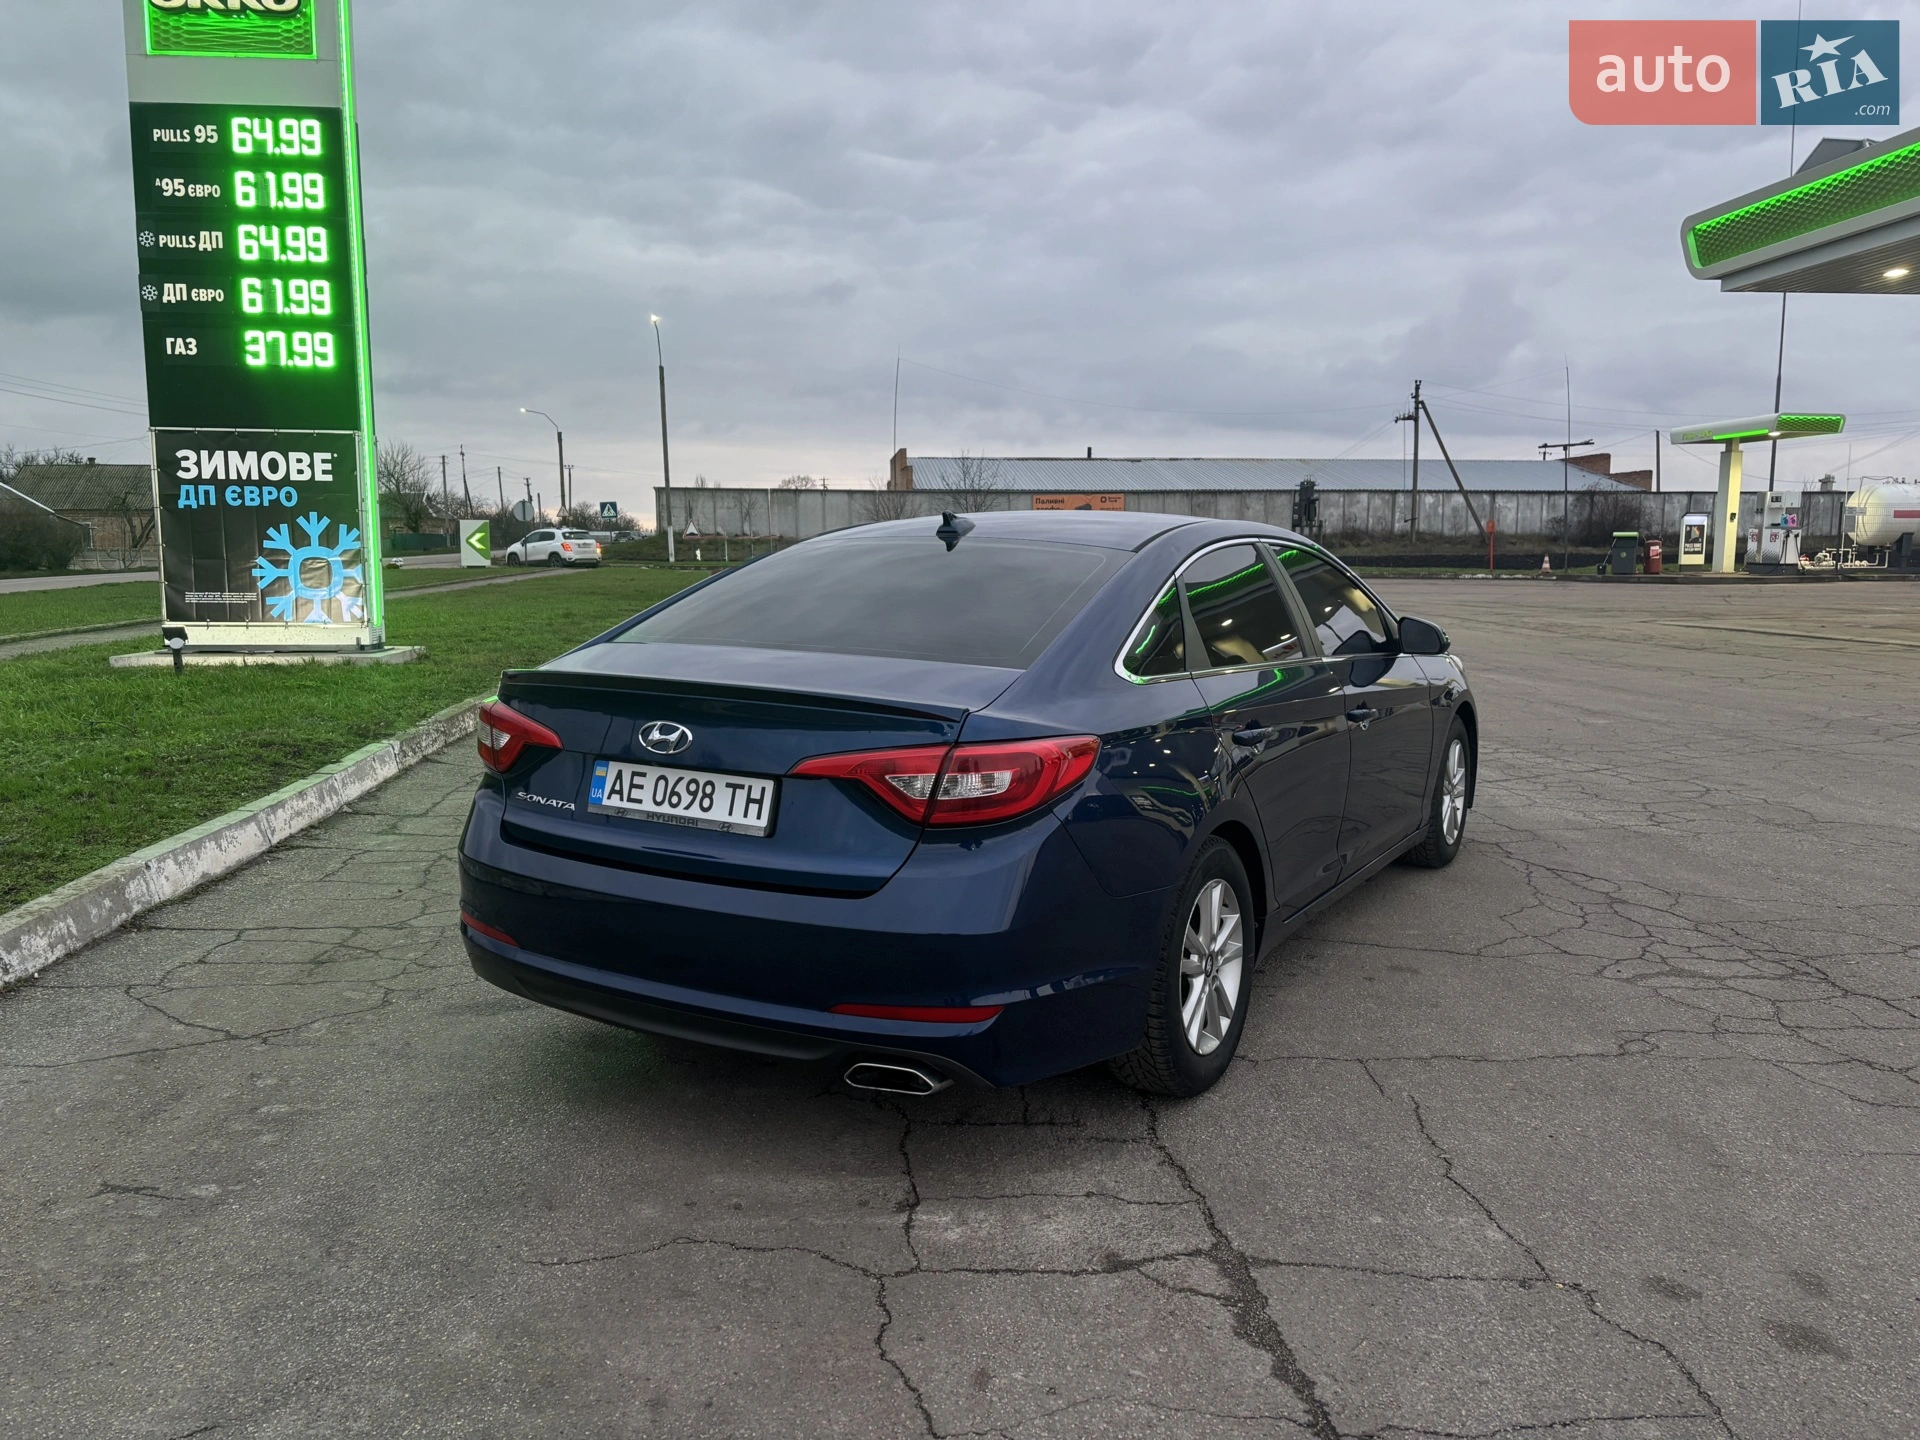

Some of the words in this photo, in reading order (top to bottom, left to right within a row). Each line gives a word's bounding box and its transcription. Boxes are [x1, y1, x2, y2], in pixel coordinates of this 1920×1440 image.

[153, 128, 191, 143] PULLS
[194, 124, 218, 143] 95
[231, 117, 321, 156] 64.99
[187, 184, 221, 198] ЄВРО
[234, 171, 325, 209] 61.99
[158, 234, 196, 248] PULLS
[198, 231, 223, 251] ДП
[237, 224, 328, 262] 64.99
[162, 283, 187, 303] ДП
[241, 277, 331, 316] 61.99
[165, 337, 198, 355] ГАЗ
[244, 330, 335, 368] 37.99
[175, 449, 333, 482] ЗИМОВЕ
[178, 484, 217, 509] ДП
[225, 485, 298, 508] ЄВРО
[516, 791, 575, 811] SONATA
[591, 787, 603, 799] UA
[606, 769, 647, 804] AE
[652, 774, 716, 813] 0698
[725, 782, 767, 821] TH
[646, 813, 699, 827] HYUNDAI
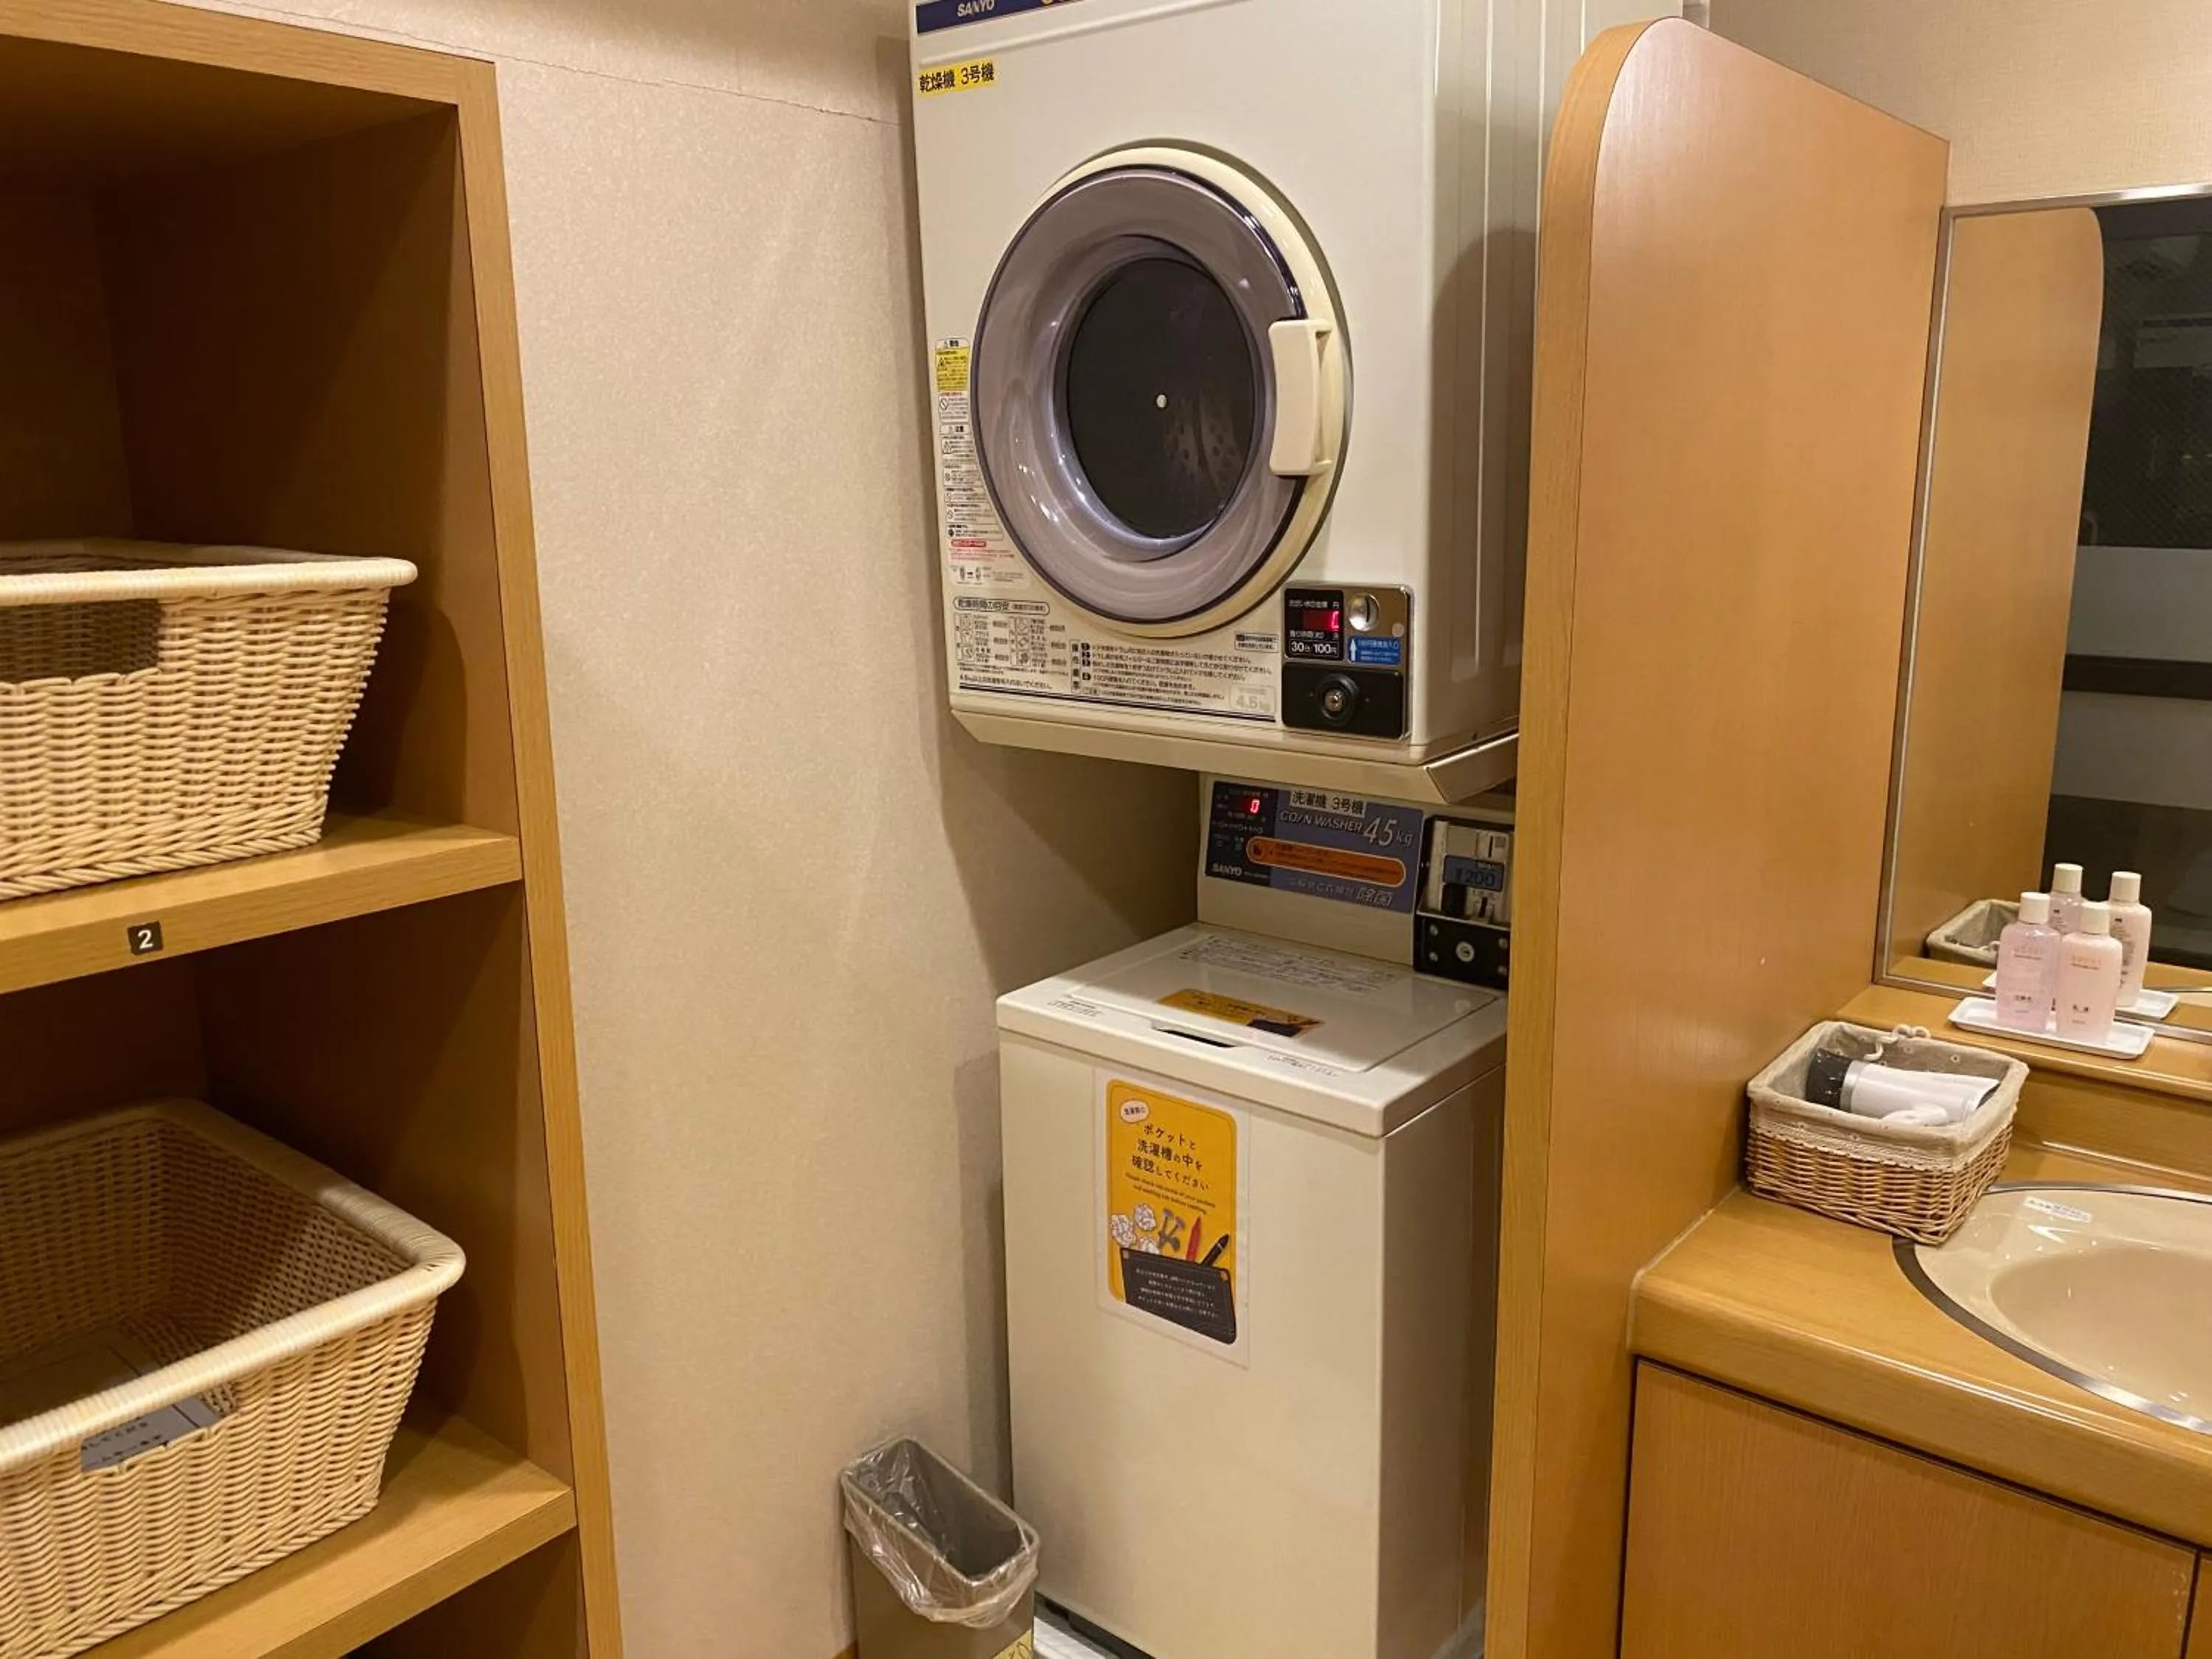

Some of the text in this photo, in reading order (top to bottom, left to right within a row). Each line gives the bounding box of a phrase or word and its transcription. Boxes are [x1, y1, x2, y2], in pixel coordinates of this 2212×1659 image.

[957, 0, 995, 17] SANYO
[961, 62, 995, 86] 3号機
[1250, 799, 1261, 814] 0
[1291, 790, 1327, 809] 洗濯機
[1332, 797, 1364, 815] 3号機
[138, 929, 153, 950] 2
[1144, 1123, 1196, 1151] ポケットと
[1132, 1154, 1209, 1191] 確認してください
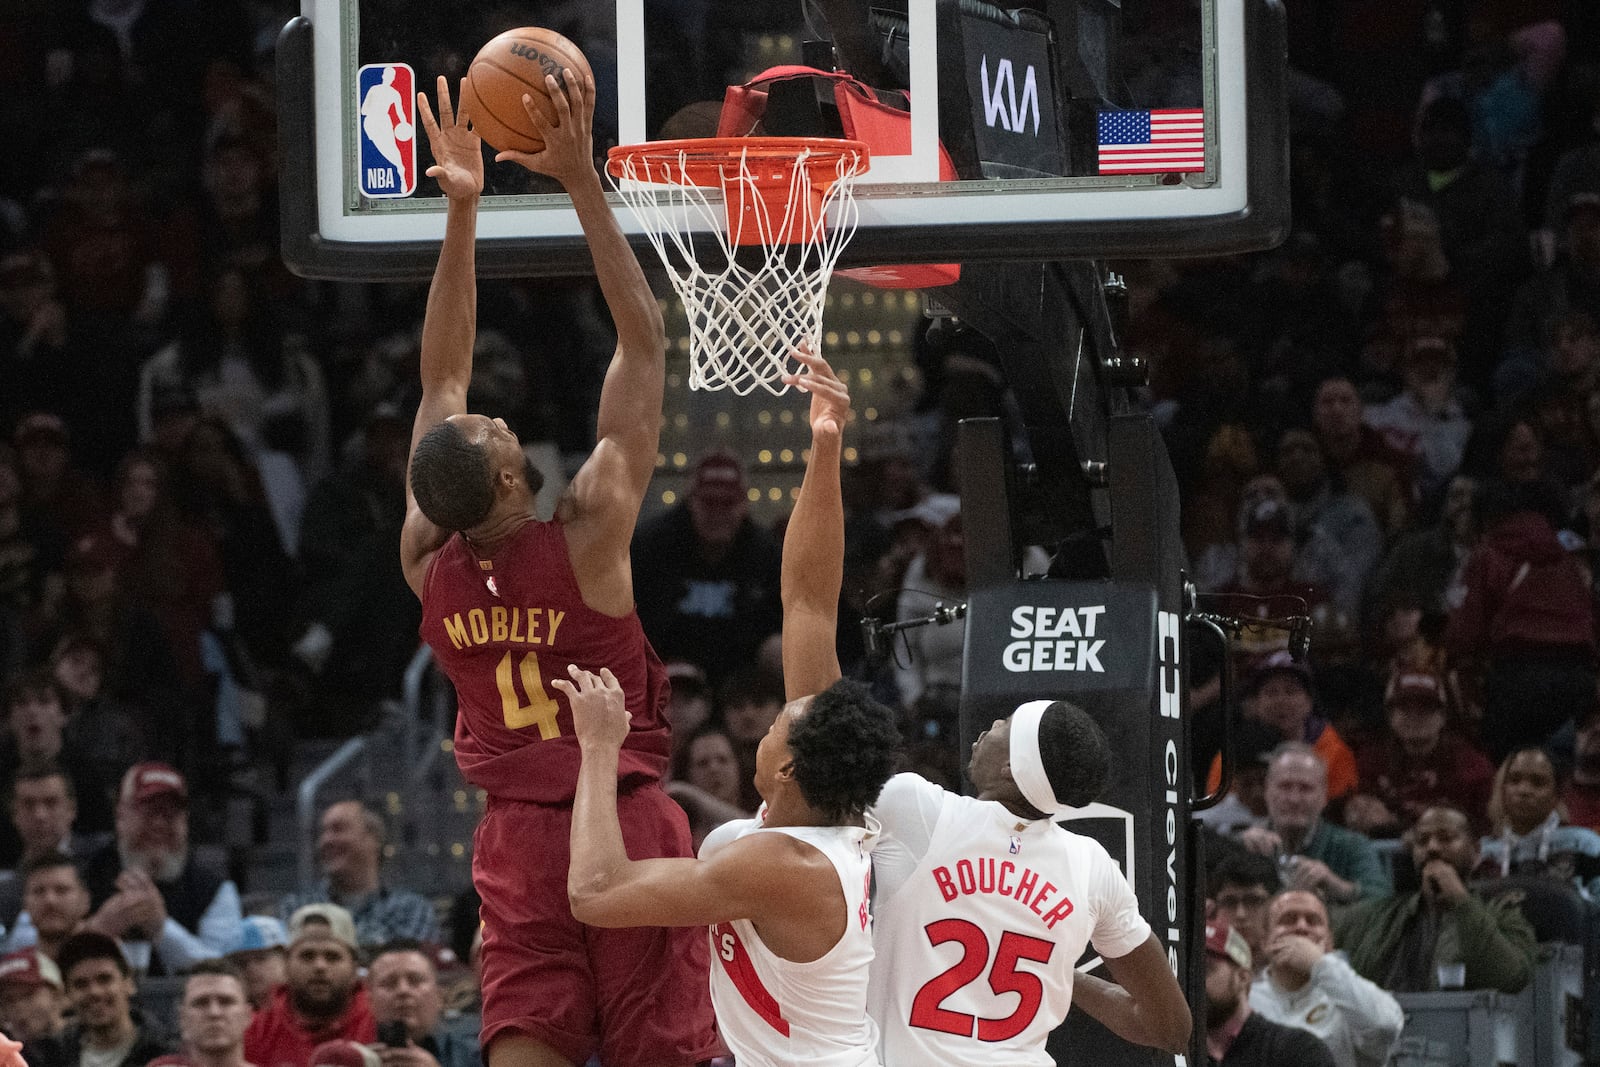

§ Assignment: Only the text of the records belongs in your answer, repeated exactly; the pictures stay out.

§ Output:
Some of the words in this photo, in reading order (top to bottom, left to right within a row). Each line gives a word's bounding box and its transcription. Boxes are [x1, y1, x2, y2], in pixel coordinates of this 1920×1440 image.

[153, 128, 191, 143] PULLS
[194, 124, 218, 143] 95
[231, 117, 321, 156] 64.99
[187, 184, 221, 198] ЄВРО
[234, 171, 325, 209] 61.99
[158, 234, 196, 248] PULLS
[198, 231, 223, 251] ДП
[237, 224, 328, 262] 64.99
[162, 283, 187, 303] ДП
[241, 277, 331, 316] 61.99
[165, 337, 198, 355] ГАЗ
[244, 330, 335, 368] 37.99
[175, 449, 333, 482] ЗИМОВЕ
[178, 484, 217, 509] ДП
[225, 485, 298, 508] ЄВРО
[516, 791, 575, 811] SONATA
[591, 787, 603, 799] UA
[606, 769, 647, 804] AE
[652, 774, 716, 813] 0698
[725, 782, 767, 821] TH
[646, 813, 699, 827] HYUNDAI

Some of the text in this photo, in reading order (top to bottom, left to right within a row). Each line gives the bounding box of a phrase or word and its transcription. Boxes are [x1, y1, x2, y2], in pixel coordinates of this 2212×1659 image.

[957, 0, 995, 17] SANYO
[961, 62, 995, 86] 3号機
[1250, 799, 1261, 814] 0
[1291, 790, 1327, 809] 洗濯機
[1332, 797, 1364, 815] 3号機
[138, 929, 153, 950] 2
[1144, 1123, 1196, 1151] ポケットと
[1132, 1154, 1209, 1191] 確認してください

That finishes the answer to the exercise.